Photocatalytic reduction of CO₂ is one important approach to alleviate greenhouse gas emission and energy crisis, which has gained huge attention in the past decades. However, the lack of understanding complex reaction mechanism impedes new catalysts design. It is also very difficult to understand the mechanism by using only experimental approaches. For this concern, theoretical calculations can effectively supplement the experimental deficiency and thus play an important role. Recently theoretical calculations have been performed on adsorption, migration and reduction of CO₂ molecule on the photocatalyst surface, leading to useful information that have contributed greatly to this field. This review summarizes recent advances in first-principles calculations about CO₂ photoreduction over various semiconductor photocatalysts like metal oxides, sulfides and g-C₃N₄. The methods, models, adsorption and reaction pathways have been discussed in detail. The perspective about future investigation on the photocatalytic reduction of CO₂ using first principles calculations is also presented.

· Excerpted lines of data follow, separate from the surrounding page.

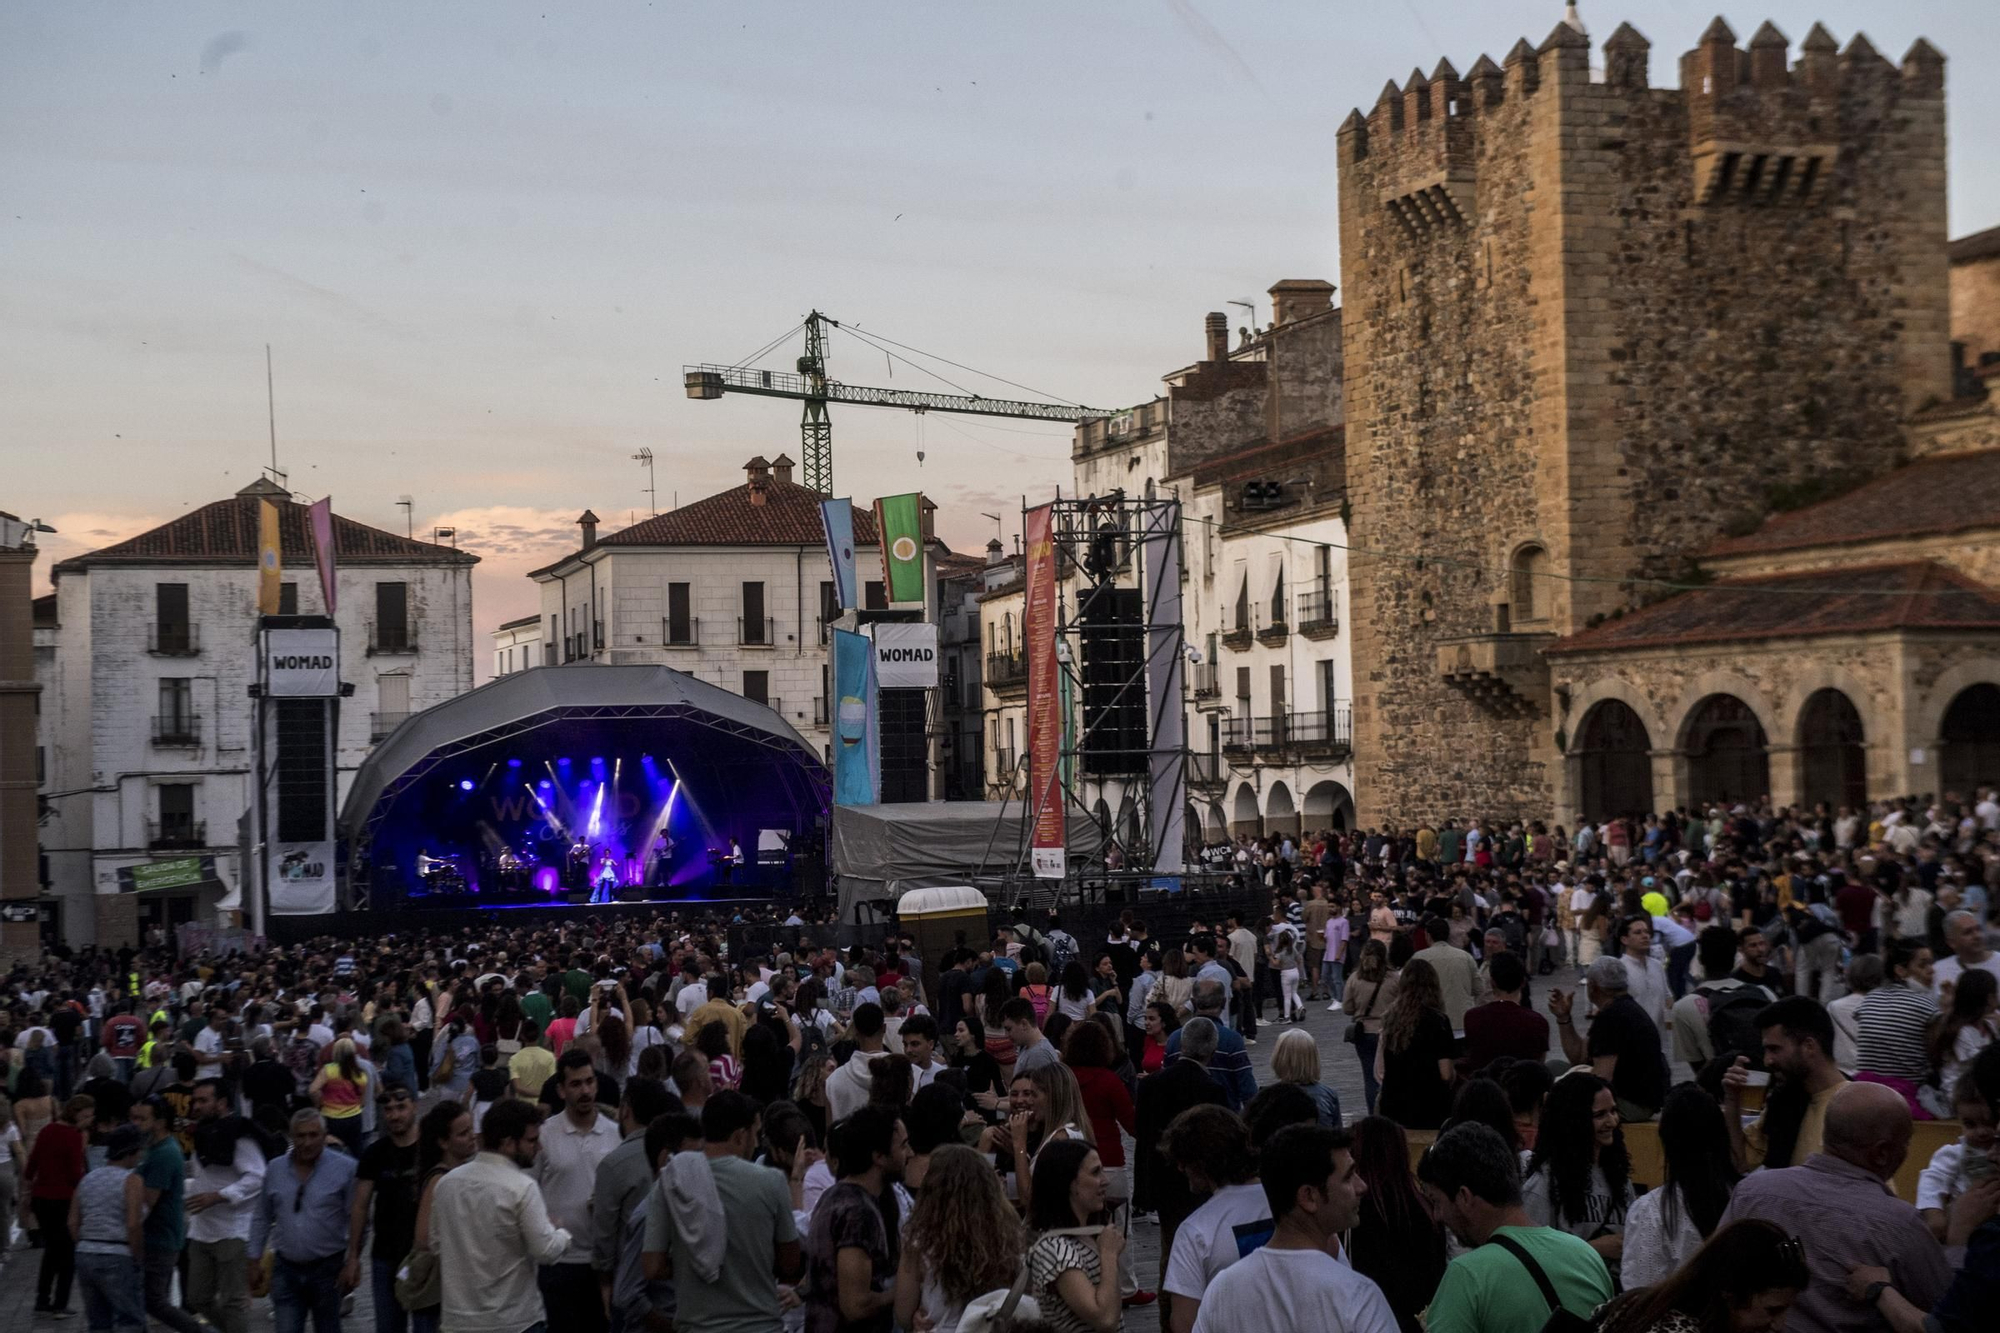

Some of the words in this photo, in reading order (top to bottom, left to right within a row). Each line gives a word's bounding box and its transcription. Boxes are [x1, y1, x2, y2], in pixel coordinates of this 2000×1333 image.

[273, 655, 333, 670] WOMAD
[879, 648, 933, 662] WOMAD
[490, 791, 641, 821] WOD
[1210, 846, 1227, 856] WC
[141, 862, 175, 874] SALIDA
[176, 859, 191, 869] DE
[135, 873, 200, 889] EMERGENCIA
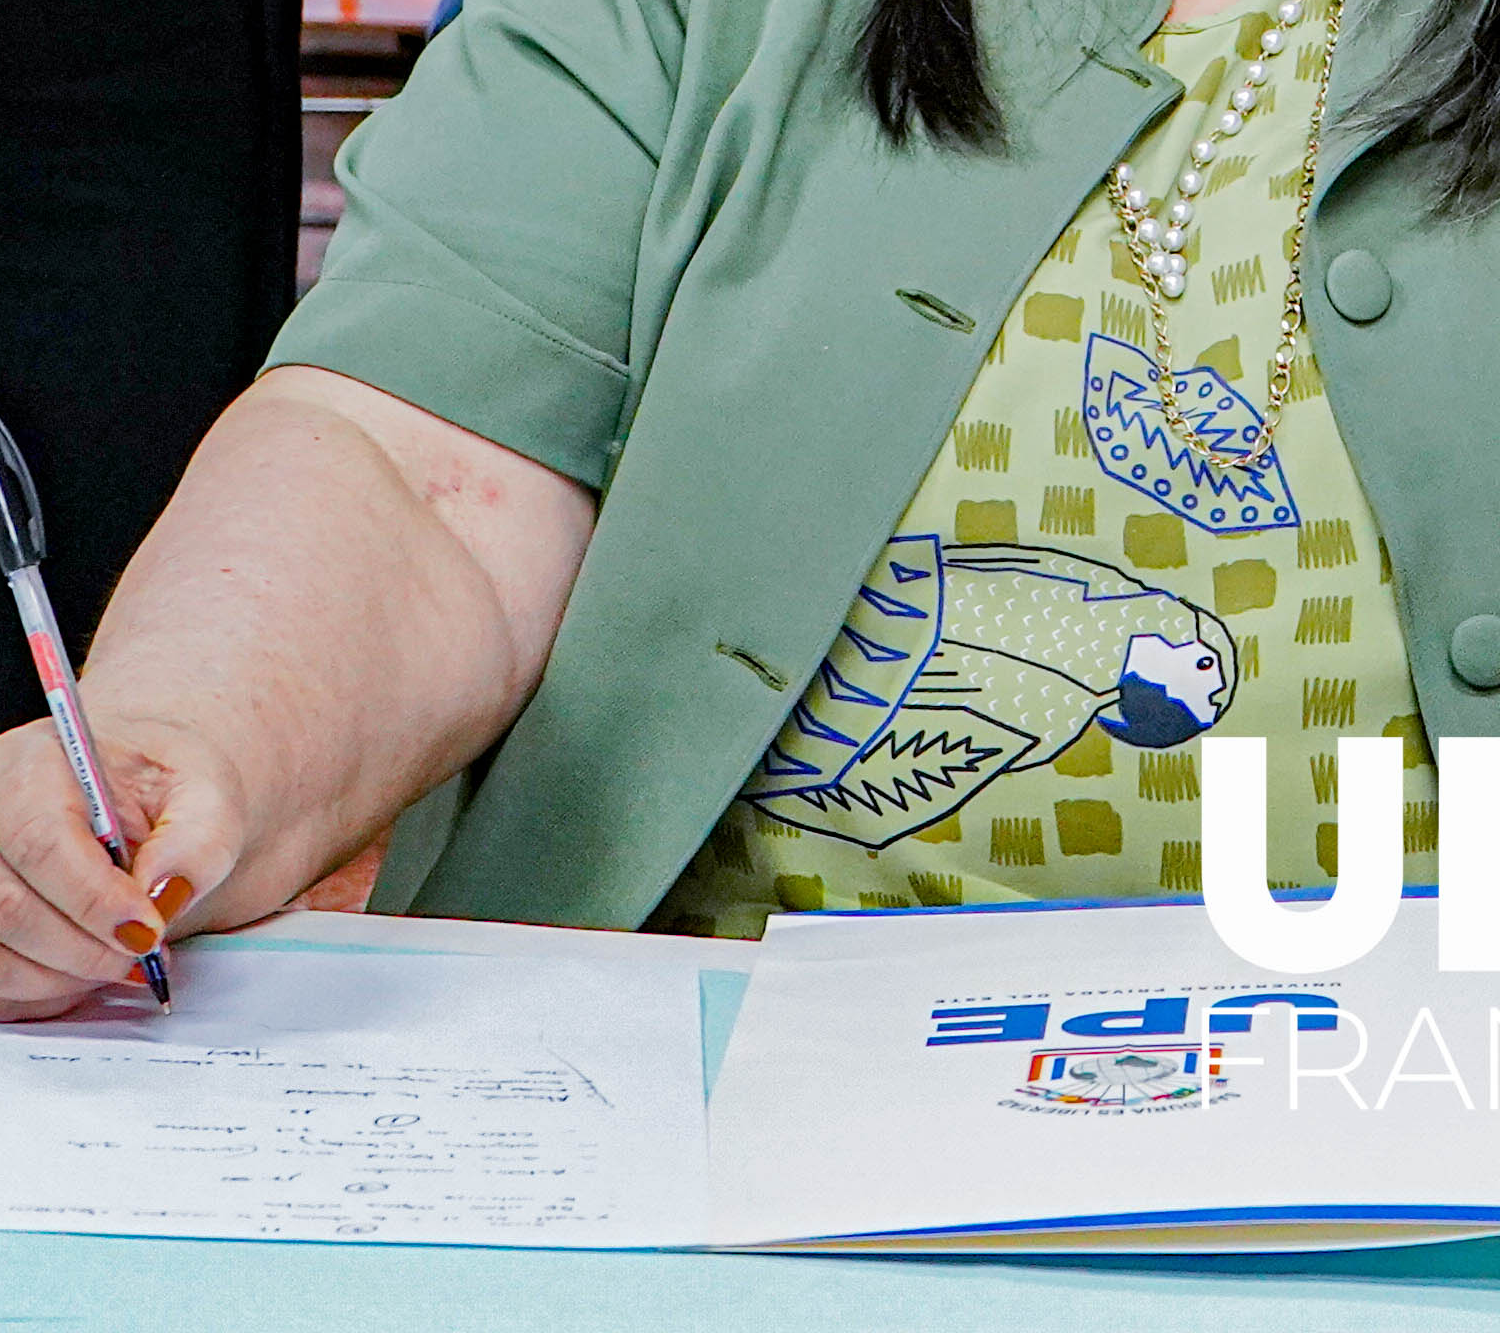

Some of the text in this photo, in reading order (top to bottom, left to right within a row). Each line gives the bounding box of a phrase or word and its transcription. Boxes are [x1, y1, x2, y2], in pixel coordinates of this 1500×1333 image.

光催化还原CO ₂是缓解温室气体排放和能源危机的重要途径，在过去的几十年中受到了广泛关注。然而，缺乏对复杂反应机理的理解阻碍了新催化剂的设计。仅使用实验方法也很难理解该机制。针对这一问题，理论计算可以有效补充实验不足，从而发挥重要作用。最近，已经对CO ₂分子在光催化剂表面的吸附、迁移和还原进行了理论计算，得出了对该领域做出巨大贡献的有用信息。_{本综述总结了关于 CO 2}的第一性原理计算的最新进展各种半导体光催化剂（如金属氧化物、硫化物和 gC ₃ N ₄ ）的光还原。详细讨论了方法、模型、吸附和反应途径。还提出了关于使用第一性原理计算光催化还原 CO ₂的未来研究前景。